# EXERCISE DIRECTIONS:
Each entry that follows is to be copied exactly, minus any pictures.

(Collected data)
/---
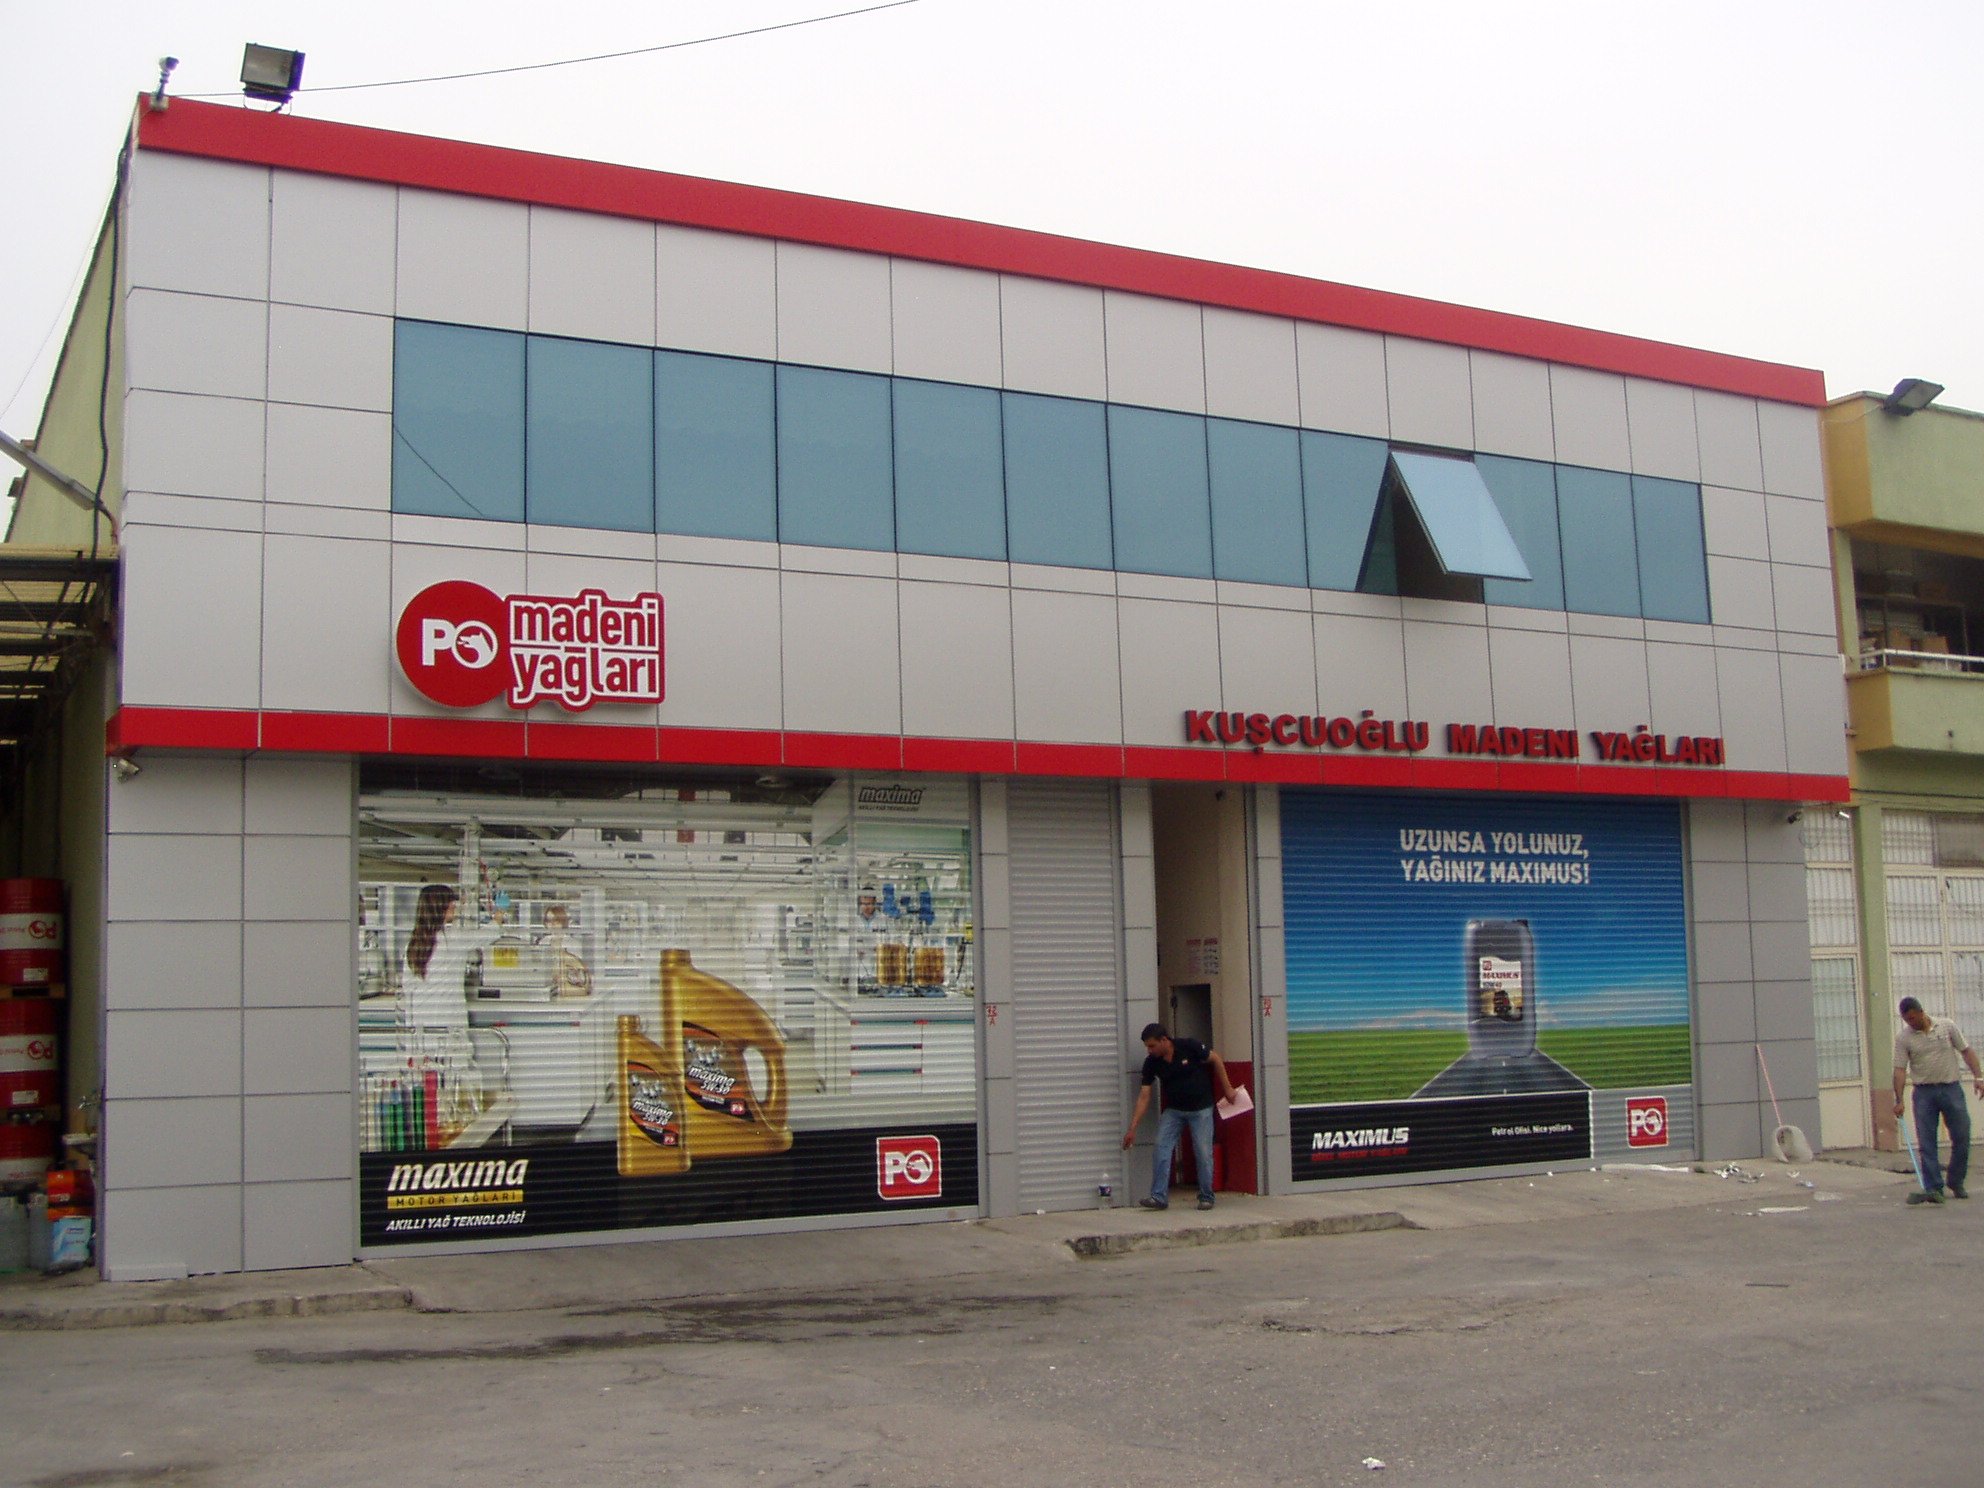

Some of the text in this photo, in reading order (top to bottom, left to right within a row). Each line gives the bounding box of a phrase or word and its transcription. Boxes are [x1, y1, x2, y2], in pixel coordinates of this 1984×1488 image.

[514, 598, 656, 648] madeni
[1185, 710, 1429, 755] KUŞCUOĞLU
[1591, 725, 1725, 765] YAĞLARI
[858, 785, 923, 804] maxima
[1399, 829, 1590, 859] UZUNSA YOLUNUZ,
[1400, 855, 1590, 884] YAĞINIZ MAXIMUS!
[1312, 1127, 1410, 1149] MAXIMUS
[885, 1150, 933, 1186] PO
[397, 1197, 446, 1207] MOTOR
[386, 1219, 425, 1232] AKILLI
[427, 1214, 451, 1229] YAĞ
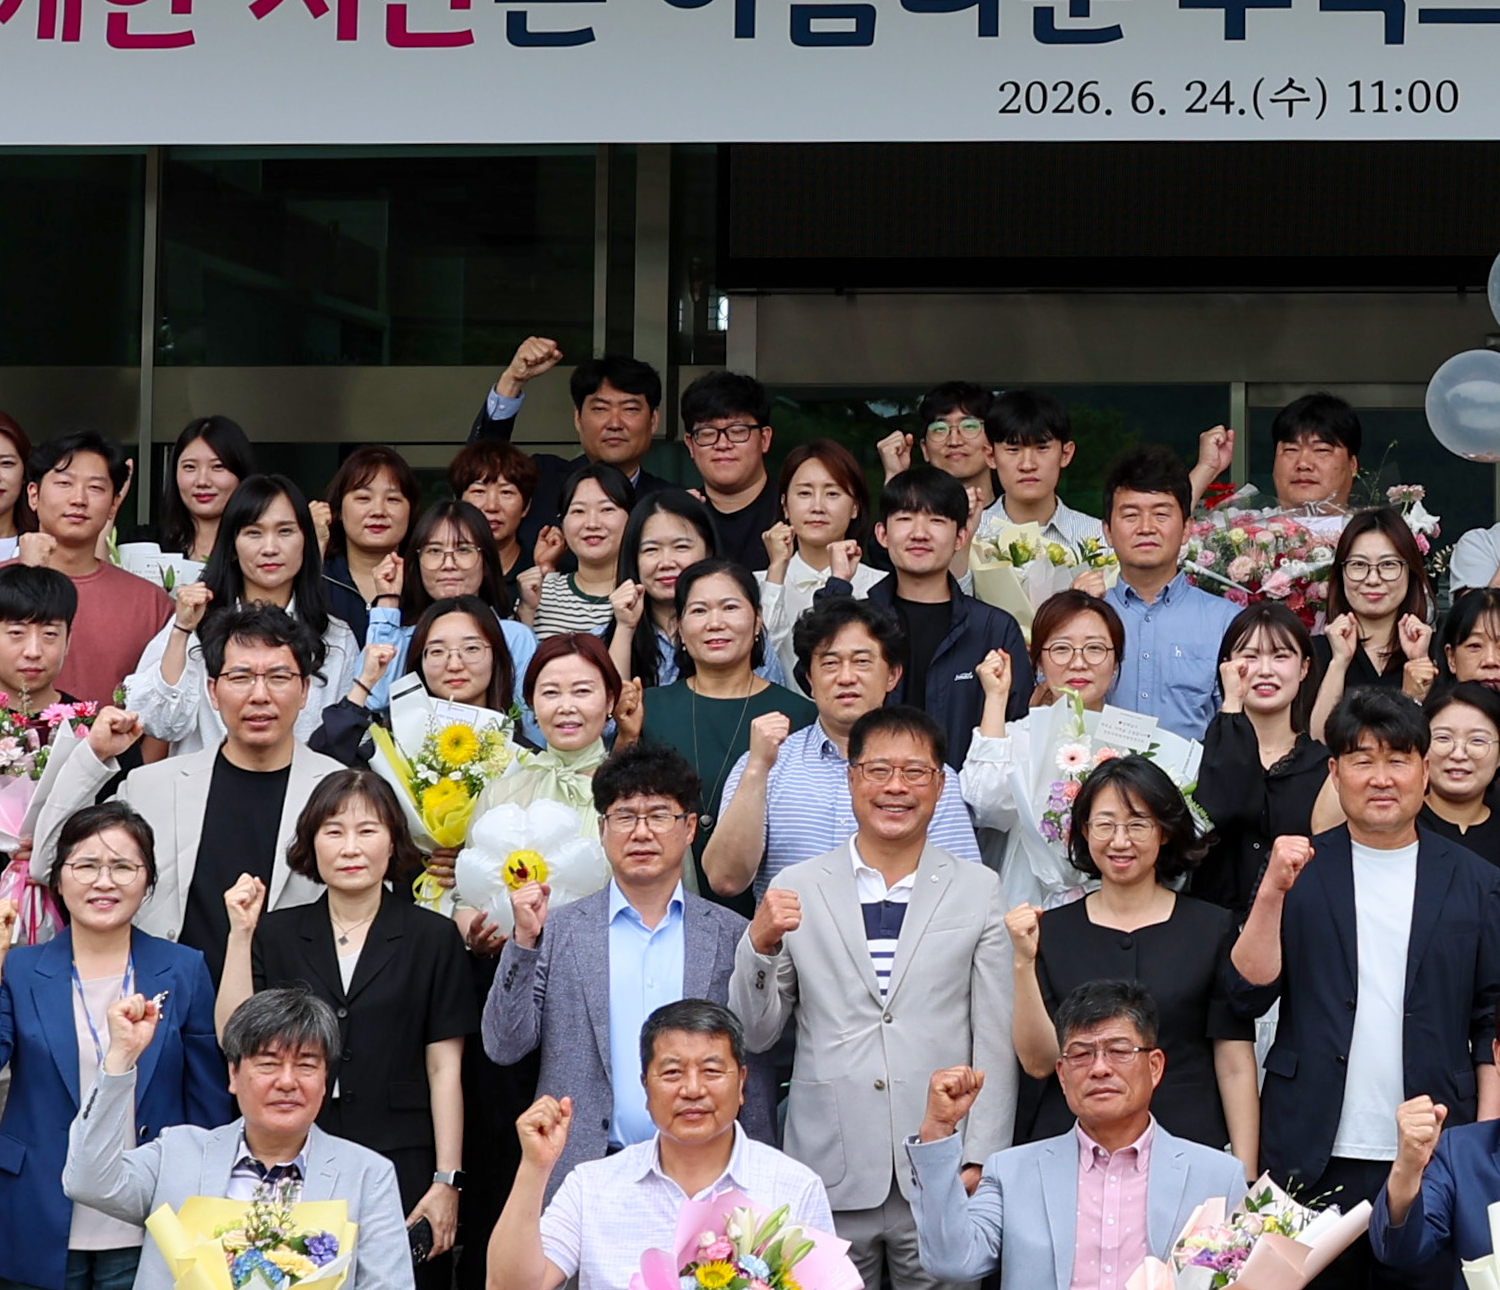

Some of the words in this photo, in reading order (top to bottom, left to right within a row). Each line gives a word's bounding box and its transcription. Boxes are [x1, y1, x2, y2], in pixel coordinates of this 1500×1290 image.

[998, 80, 1113, 117] 2026.
[1130, 80, 1167, 116] 6.
[1184, 76, 1327, 121] 24.(수)
[1347, 79, 1459, 114] 11:00
\---
# RESPONSE AREA:
Some of the text in this photo, in reading order (top to bottom, left to right within a row). Each line gives the bounding box of a phrase or word and its transcription. Boxes are [x1, y1, x2, y2], in pixel coordinates of this 1984×1488 image.

[514, 598, 656, 648] madeni
[1185, 710, 1429, 755] KUŞCUOĞLU
[1591, 725, 1725, 765] YAĞLARI
[858, 785, 923, 804] maxima
[1399, 829, 1590, 859] UZUNSA YOLUNUZ,
[1400, 855, 1590, 884] YAĞINIZ MAXIMUS!
[1312, 1127, 1410, 1149] MAXIMUS
[885, 1150, 933, 1186] PO
[397, 1197, 446, 1207] MOTOR
[386, 1219, 425, 1232] AKILLI
[427, 1214, 451, 1229] YAĞ

Some of the words in this photo, in reading order (top to bottom, left to right within a row). Each line gives a word's bounding box and its transcription. Boxes are [x1, y1, x2, y2], in pixel coordinates of this 1500×1290 image.

[998, 80, 1113, 117] 2026.
[1130, 80, 1167, 116] 6.
[1184, 76, 1327, 121] 24.(수)
[1347, 79, 1459, 114] 11:00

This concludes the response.